A cadre of engineers and planners who design America’s roads, bridges, hospitals and other critical infrastructure fear that an emerging tool that would replace the nation’s out-of-date rainfall and flood data is on the Trump Administration chopping block.

The new tool, Atlas 15, uses modernized rainfall data to allow engineers to design and build infrastructure to withstand flooding for decades to come as extreme rainfall predictably worsens.

Without it, the engineers and planners say, they would be forced to rely on old data that understate flood risks and put infrastructure in harm’s way.

They are calling on federal officials to save Atlas 15, as heated debate on the federal budget continues.

Chad Berginnis, who directs the national Association of State Floodplain Managers, said there is an urgent need for authoritative data reflecting how weather patterns have dramatically changed over several decades and as recently as last year.

“If I could have it today, I’d have it today. It’s that urgent,” said Berginnis, a certified floodplain manager based in Madison, Wisconsin. “In a large part of the country, infrastructure today is undersized … and it’s because of how old that…data is.”

Planners and engineers in Florida are eager to see Atlas 15 completed and released on schedule this fall.

“It needs to happen,” said Brad Hubbard, a civil engineer and certified floodplain manager who is founder and president of National Flood Experts in Tampa. “I’m excited about new data coming in. It’s overdue.
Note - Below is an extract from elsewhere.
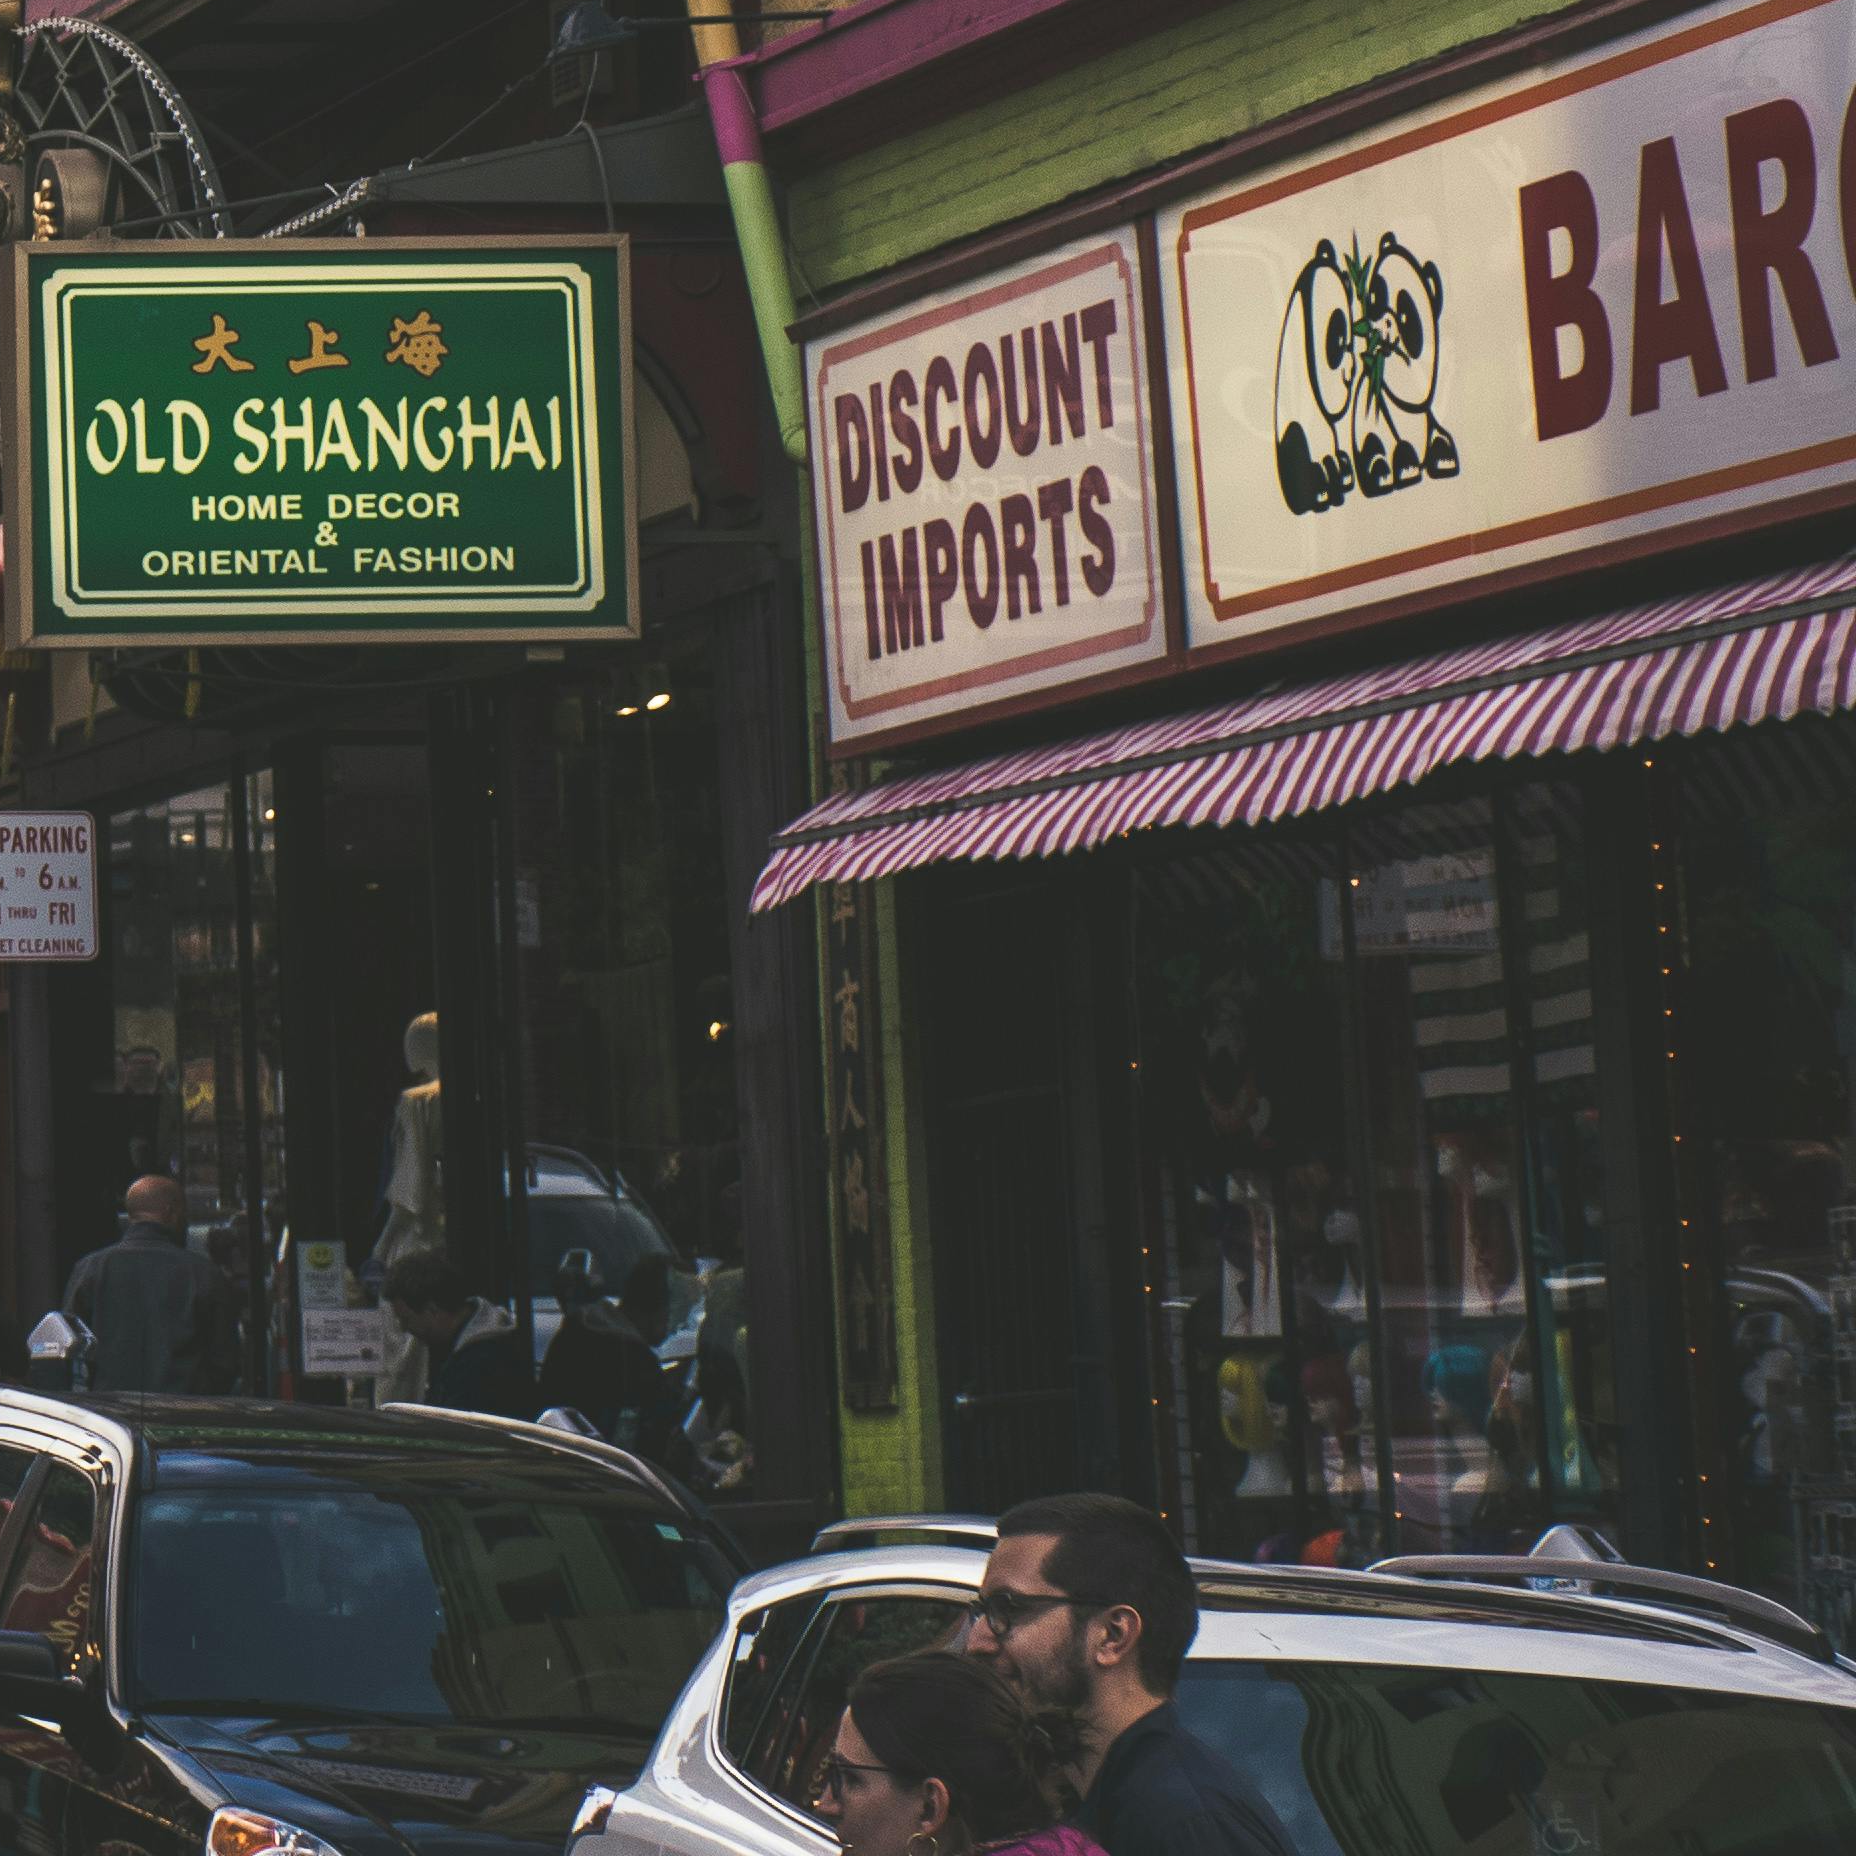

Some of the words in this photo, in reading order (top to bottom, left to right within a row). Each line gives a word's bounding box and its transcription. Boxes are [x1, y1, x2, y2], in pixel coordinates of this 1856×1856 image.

I’ve designed a lot of sites from a civil engineering perspective, and new, better rainfall data will decrease the likelihood of flood, especially urban flooding.”
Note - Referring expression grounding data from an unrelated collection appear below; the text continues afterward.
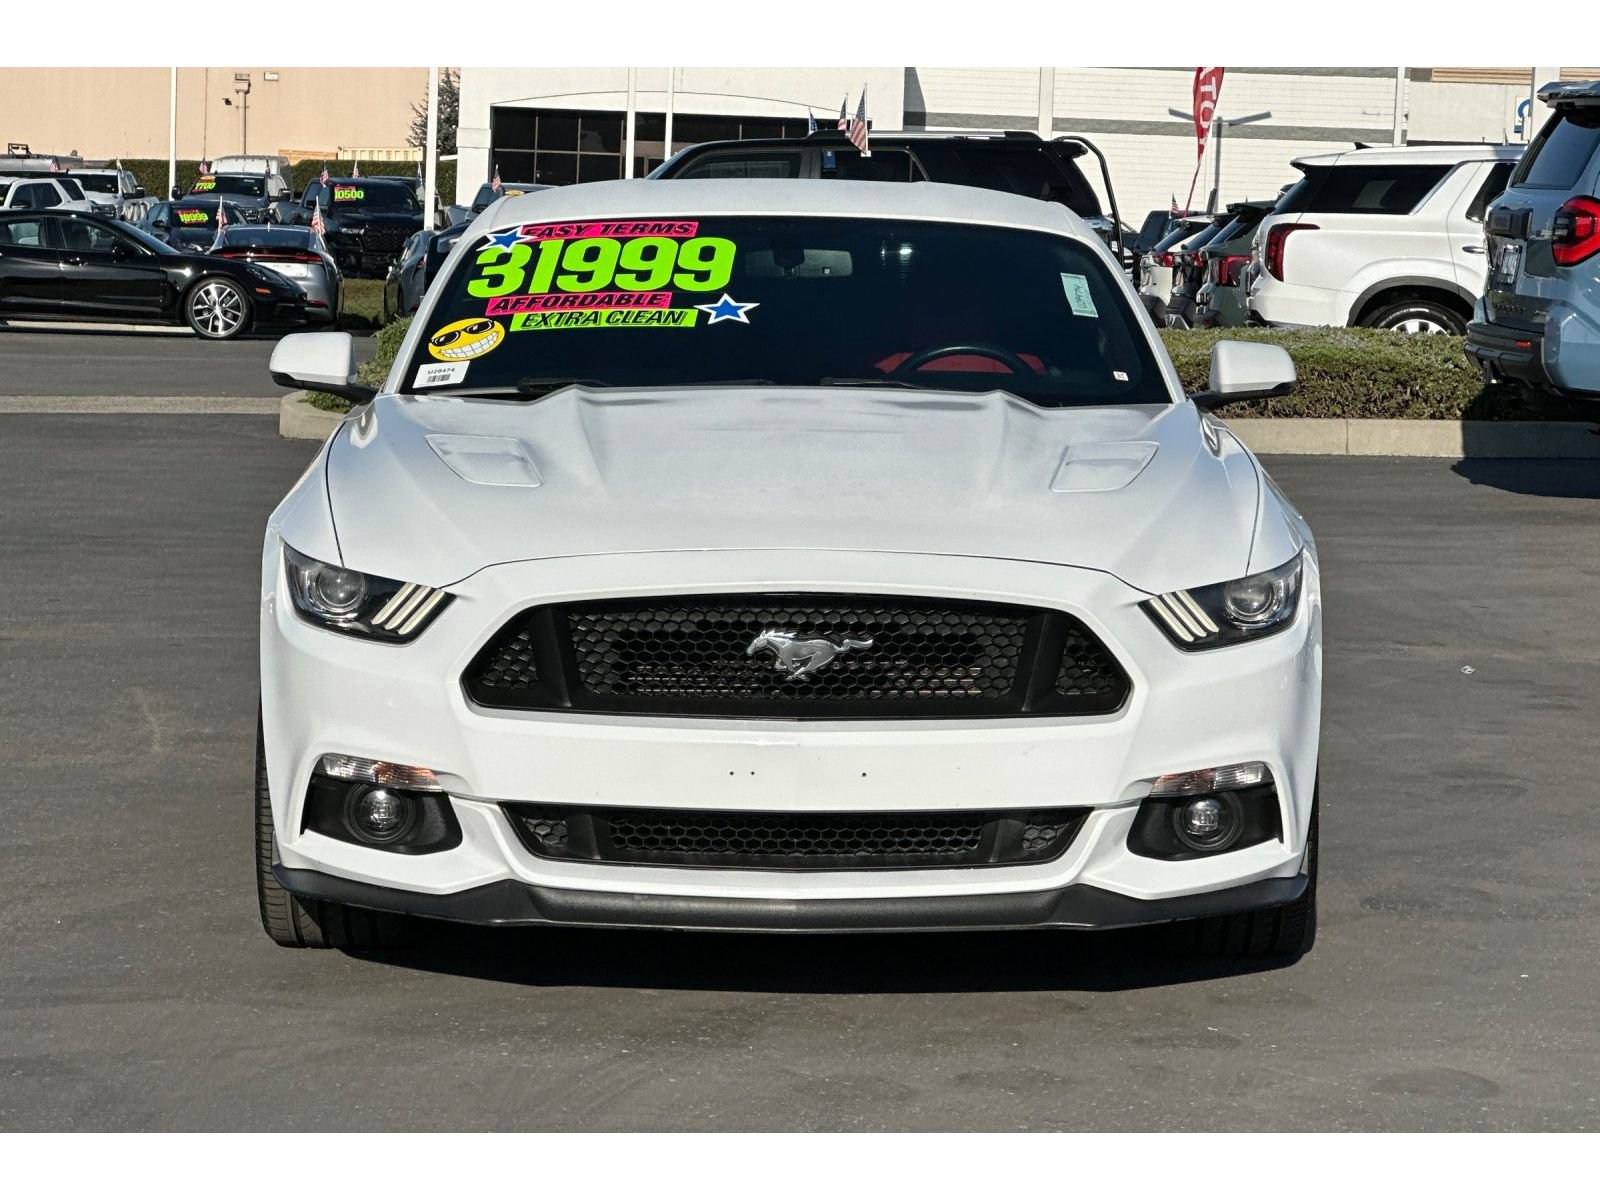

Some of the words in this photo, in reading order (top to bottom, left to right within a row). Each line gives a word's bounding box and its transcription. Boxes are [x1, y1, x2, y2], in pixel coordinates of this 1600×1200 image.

[335, 190, 364, 199] 10500
[523, 224, 591, 237] EASY
[600, 222, 693, 235] TERMS
[467, 236, 737, 298] 31999
[491, 293, 666, 311] AFFORDABLE
[521, 310, 600, 328] EXTRA
[605, 310, 688, 326] CLEAN
Hubbard says his office building just west of Tampa International Airport floods frequently now when it did not in the past. And it’s not because of hurricane-driven storm surge.
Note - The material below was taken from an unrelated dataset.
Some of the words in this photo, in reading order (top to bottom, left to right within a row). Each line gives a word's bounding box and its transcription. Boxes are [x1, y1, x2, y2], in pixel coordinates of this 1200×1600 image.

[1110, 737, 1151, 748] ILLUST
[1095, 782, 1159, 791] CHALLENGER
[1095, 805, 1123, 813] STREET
“My office here in Tampa, it floods every time it rains hard,” Hubbard said. “It wasn’t designed to take 4 inches of rain in one hour, so when that happens, we get water in our building.”

Damage was unprecedented

Having survived three major hurricanes last year that are not reflected in NOAA’s current vault of rainfall data in Atlas 14, Pinellas County Floodplain Coordinator Lisa Foster said local governments need better information to work with. Foster also is a co-chair of the Association of State Floodplain Managers’ insurance committee and its risk-rating 2.0 working group.

“Data is something that needs to be updated continuously. … We absolutely need it,” Foster said. “Local governments can’t do this level of modeling.”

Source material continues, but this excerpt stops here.